Sandeep, in the interest of time, may I request you to join the queue for any follow-ups as we have several participants waiting for their turn. The next question is from the line of Shradha from Asian Market Securities.

S
Shradha Agrawal
analyst

Congrats on a good quarter. A couple of questions. Within transportation, would it be possible for you to split the growth between aero and rail transportation? .

K
Karthikeyan Natarajan
executive

No, Shradha, we are not breaking down beyond what we have categorized in 4 areas, and we are not really breaking down further on any of the...

S
Shradha Agrawal
analyst

No sir, the reason I'm asking is because we were facing some issues with 1 of our top accounts in rail. So are we out of that issue? Or are we still facing some softness in that particular client leading to overall subdued growth in rail transportation? .

K
Karthikeyan Natarajan
executive

No, we are not seeing any issues that we have spoken about on this customer over the last 2 quarters. I think that continues to be doing well. And we don't see any negative substrates as far as the customer is concerned. .

S
Shradha Agrawal
analyst

Great. And another question on sustainability. Given the fact that we've shown a very strong 4.5% growth. So is there any seasonality in the Citec business where in 1Q is higher and -- or is it business as usual growth in the sustainability segment for us? .

K
Karthikeyan Natarajan
executive

Sorry, can you repeat the question, Shradha .

S
Shradha Agrawal
analyst

I'm asking whether the 4.5% growth that we reported in sustainability, does it have to do anything with the seasonality in this Citec portfolio? Or is it business as usual growth for us in this segment.

K
Karthikeyan Natarajan
executive

Yes, I think the it is business as usual. And typically, what we have seen for Citec, they tend to have a high impact on Q4. That seems to be their best quarter. So Q1 is not necessarily the rest of the quarters based on what we have seen in the last few years of data.

S
Shradha Agrawal
analyst

Right. And just 1 thing on the minority interest. I think the minority interest number seems to be a bit lower than what comes from calculation of what you reported for DLM financials. So I was just checking if there's anything else in minority interest that has gone beyond DLM? .

K
Karthikeyan Natarajan
executive

Shradha, there is nothing beyond minority interest in the calculation, but our team is reset to you to see what numbers you have.

B
Bodanapu Krishna
executive

I think, Shradha, just to add quickly on that, if you look at what has happened, only a very small amount would have come because that's from the pre-IPO placement. The majority would only start from July 10. That's why you'll see the full impact only in this quarter. Last quarter, only that sort of small percentage of anchor or pre-IPO placement that had happened would have come, and that too for a short term.

Operator

Shradha, may I request you to join the queue for any follow-ups. The next question is from the line of Abhishek Shindadkar from InCred Capital. .

A
Abhishek Shindadkar
analyst

This may be a repeat question. I'm sorry I got dropped in between. I was not clear why the gross margins dropped this quarter. So that's 1 question. And the second thing is on the SG&A rationalization, Karthik, I recollect that we had been investing in SG&A after you came in, in 2020. So is it like we have reached or completed that program in terms of investment in SG&A, or is it that we view that the macro is challenging and that's why we are driving this SG&A rationale? How should we read the SG&A rationalization?

K
Karthikeyan Natarajan
executive

Sure. Thanks, Abhishek, and I'll answer the second part, and request Prabhakar to answer the first one. Yes, the second one, whatever the investment that we wanted to make towards growth in terms of sales and technology and digital investments, they continue to be there. and we will continue to make those investments, which are very critical for our journey for the next 3 to 5 years. So that is absolutely intact. And as you remember, we did an Investor Day sometime in November last year. And Krishna did talk about how we wanted to look at some of the spend that we have on G&A related to the buildings and computer hardware software. We made certain investments around COVID, and some of them are not necessarily, for example, everybody had 2 laptops, 1 in the office, 1 at home, and some of them are getting rationalized in terms of what we wanted to do.

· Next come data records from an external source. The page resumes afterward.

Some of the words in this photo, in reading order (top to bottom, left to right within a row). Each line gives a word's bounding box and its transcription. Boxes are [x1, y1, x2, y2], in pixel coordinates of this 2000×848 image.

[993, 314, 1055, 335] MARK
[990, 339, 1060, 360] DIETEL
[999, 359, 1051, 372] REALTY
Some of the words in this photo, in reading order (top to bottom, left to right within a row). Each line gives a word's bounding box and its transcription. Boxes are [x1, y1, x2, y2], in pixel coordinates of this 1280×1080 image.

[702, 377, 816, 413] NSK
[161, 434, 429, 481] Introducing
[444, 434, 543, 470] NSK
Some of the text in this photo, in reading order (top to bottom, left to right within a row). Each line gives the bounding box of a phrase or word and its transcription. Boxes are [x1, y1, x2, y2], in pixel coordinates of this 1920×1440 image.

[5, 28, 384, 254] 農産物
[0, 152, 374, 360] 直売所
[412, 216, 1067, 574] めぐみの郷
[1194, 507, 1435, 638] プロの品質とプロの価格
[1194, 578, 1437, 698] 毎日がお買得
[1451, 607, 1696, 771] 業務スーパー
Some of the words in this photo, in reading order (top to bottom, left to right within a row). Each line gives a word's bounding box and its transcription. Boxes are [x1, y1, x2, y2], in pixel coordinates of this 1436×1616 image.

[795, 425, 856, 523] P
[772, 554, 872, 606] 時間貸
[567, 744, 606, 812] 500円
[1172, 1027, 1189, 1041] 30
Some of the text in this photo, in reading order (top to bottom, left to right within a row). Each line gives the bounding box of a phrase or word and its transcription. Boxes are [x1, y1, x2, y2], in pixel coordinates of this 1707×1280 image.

So that exercise has begun almost 8 months ago. They are starting to see results in terms of the output from Q1 onwards.

P
Prabhakar Atla
executive

And Abhishek, your question on gross margin movement, right? So the gross margin movement between 2 quarters is because of primarily 2 reasons. One is the merit increase that we had in Q1 and also an unfavorable revenue mix in the current quarter that we expect to renormalize in the rest of the year.

Operator

The next question is from the line of Mihir Manohar from Carnelian Asset Management.

M
Mihir Manohar
analyst

Largely wanted to understand on the aero side. I mean, are customers talking about any major programs being vertical or any major developments or any major upgrades happening. I just wanted to better understanding around that on the aero side. .

K
Karthikeyan Natarajan
executive

Mihir, I'm sure the entire industry is waiting for upgrade of what is called as the [indiscernible] program. I think both A320 and 737 from Boeing, I think both are almost 25-, 30-year old platforms, and they both need upgrade. And interestingly, what I was sharing from some of our customers I've met in the last 8 or 10 weeks, they were really looking for a decision around the sustainability initiative that is going to impact the commercial aerospace industry, whether it is using more of a sustainable [indiscernible] and fuel or whether it is about hybrid, whether it is electric or hydrogen.

I think some of those bigger decisions have not been made. And that is 1 of the reasons why the programs are getting delayed. And we do believe it's a matter of time in the next couple of years that there will be announcement around new programs. And the super cycle, which happens once in every 10 years is likely to kick in any time between '24 to '26, and both the platforms definitely require significant upgrade, and I'm sure it's a matter of time before both of them will come forward with some grad programs.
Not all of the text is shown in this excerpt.